▶ [What the exercise asks] Write out the listing below exactly, and omit any images you find in it.

▶ [Supplied material]
------------------------------------------------------------------------

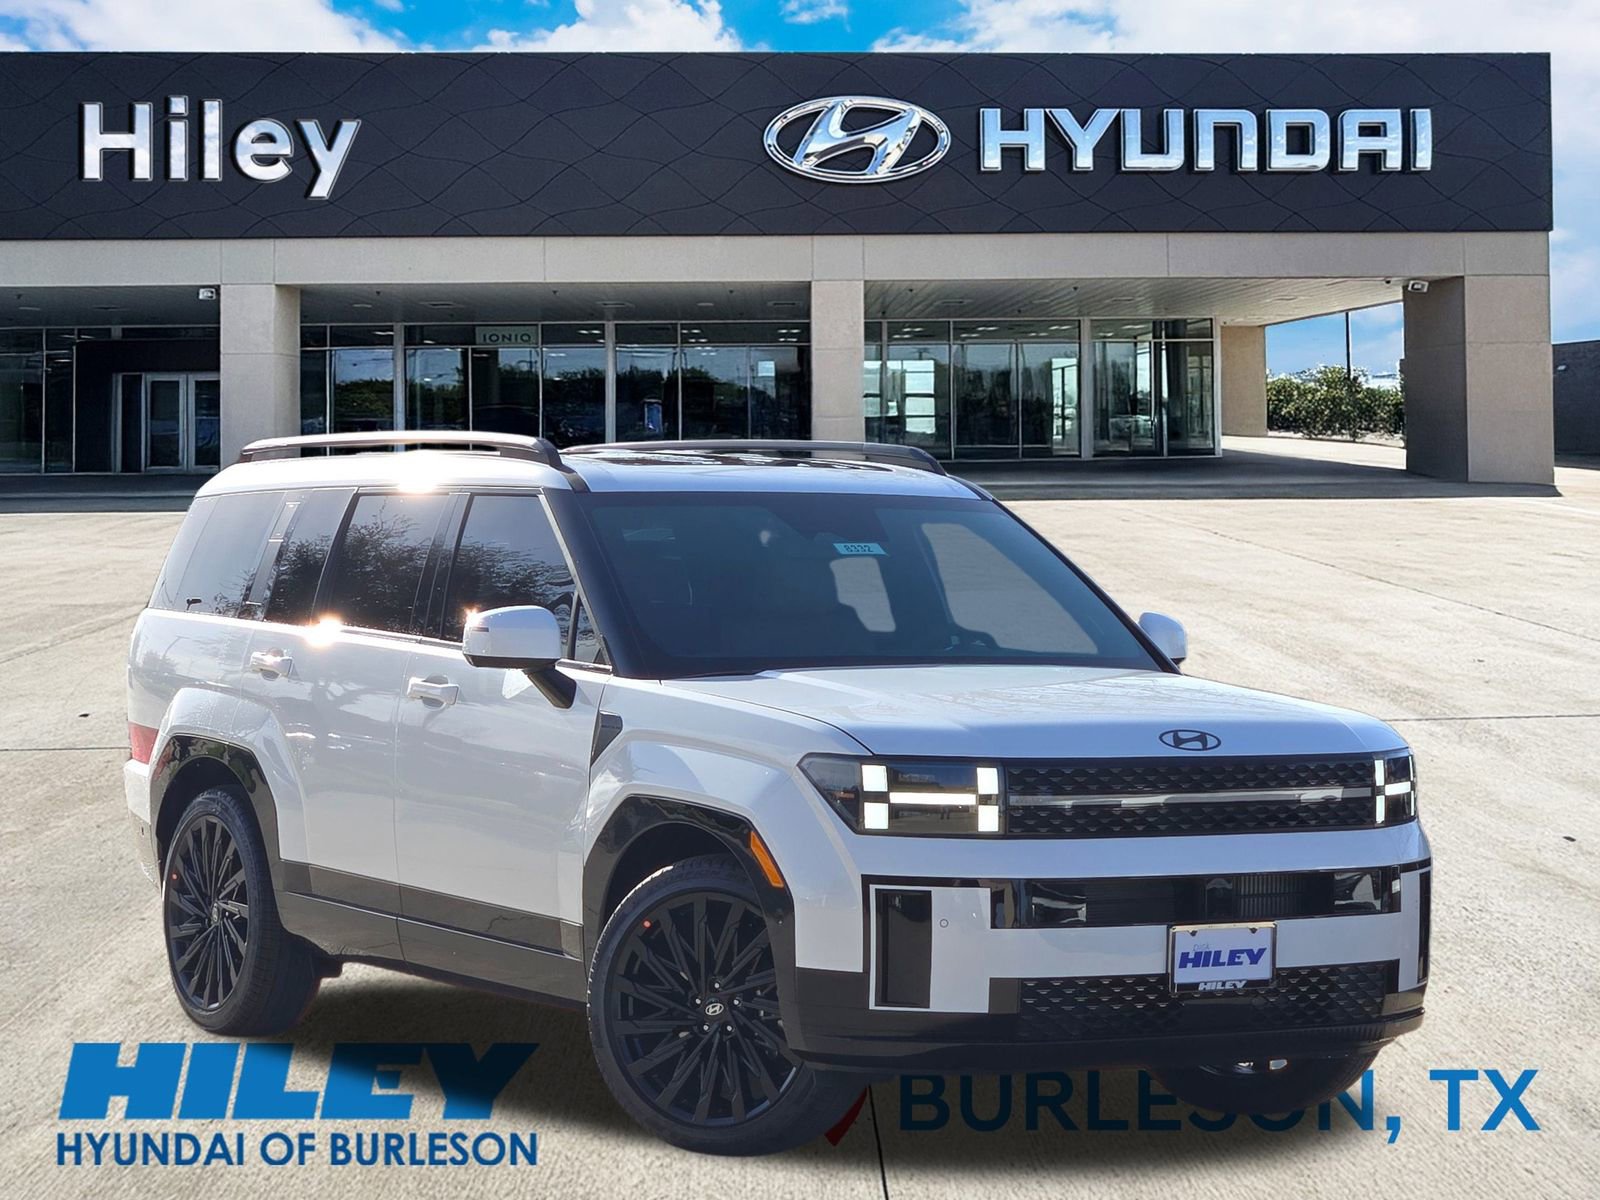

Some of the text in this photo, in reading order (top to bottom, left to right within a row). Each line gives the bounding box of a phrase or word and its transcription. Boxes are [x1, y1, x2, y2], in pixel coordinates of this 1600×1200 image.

[81, 95, 361, 199] Hiley
[979, 108, 1433, 172] HYUNDAI
[843, 544, 874, 553] 8332
[1179, 948, 1267, 968] HILEY
[1198, 980, 1248, 991] HILEY
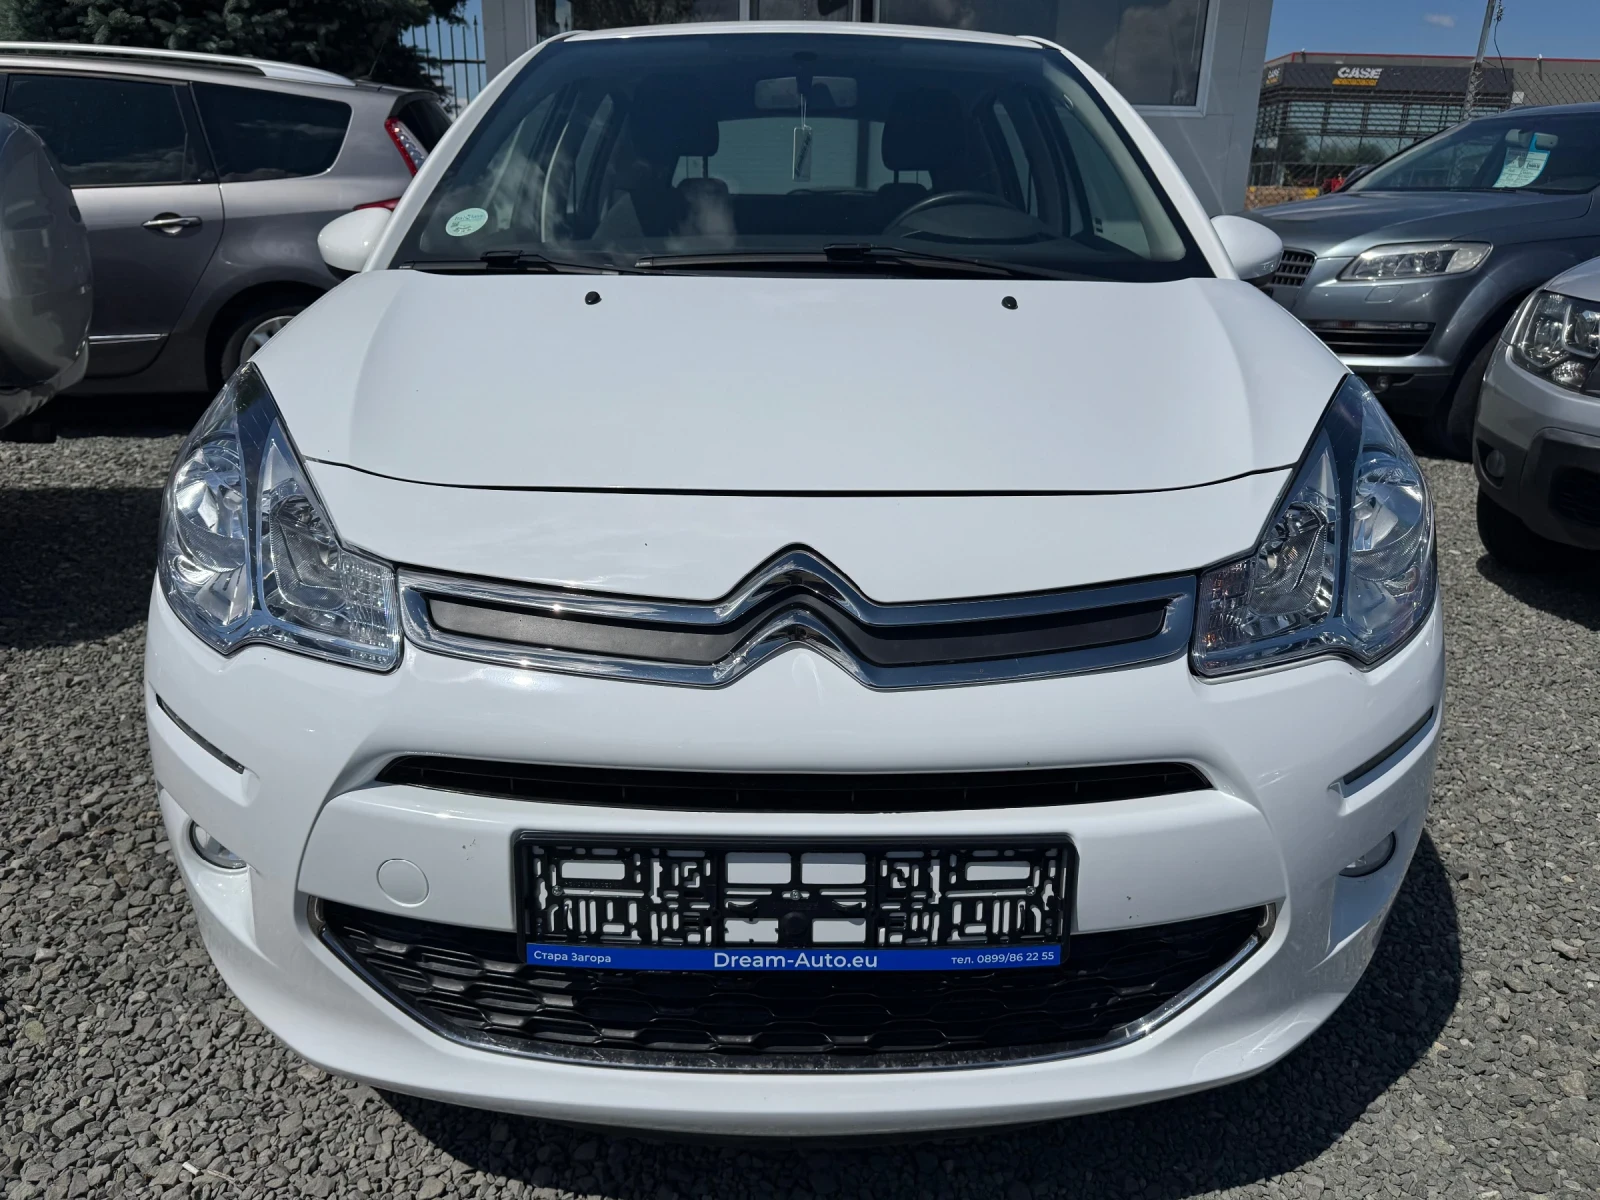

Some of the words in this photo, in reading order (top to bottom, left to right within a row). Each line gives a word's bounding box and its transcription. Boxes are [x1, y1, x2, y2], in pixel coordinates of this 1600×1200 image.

[1337, 67, 1383, 79] CASE
[533, 950, 568, 962] Стара
[571, 952, 612, 965] Загора
[713, 952, 878, 968] Dream-Auto.eu
[951, 956, 974, 965] тел.
[977, 952, 1024, 964] 0899/86
[1026, 952, 1039, 961] 22
[1041, 951, 1055, 961] 55

------------------------------------------------------------------------

▶ [Response to the exercise]
Some of the text in this photo, in reading order (top to bottom, left to right within a row). Each line gives the bounding box of a phrase or word and its transcription. Boxes are [x1, y1, x2, y2], in pixel coordinates of this 1600×1200 image.

[81, 95, 361, 199] Hiley
[979, 108, 1433, 172] HYUNDAI
[843, 544, 874, 553] 8332
[1179, 948, 1267, 968] HILEY
[1198, 980, 1248, 991] HILEY

Some of the words in this photo, in reading order (top to bottom, left to right within a row). Each line gives a word's bounding box and its transcription. Boxes are [x1, y1, x2, y2], in pixel coordinates of this 1600×1200 image.

[1337, 67, 1383, 79] CASE
[533, 950, 568, 962] Стара
[571, 952, 612, 965] Загора
[713, 952, 878, 968] Dream-Auto.eu
[951, 956, 974, 965] тел.
[977, 952, 1024, 964] 0899/86
[1026, 952, 1039, 961] 22
[1041, 951, 1055, 961] 55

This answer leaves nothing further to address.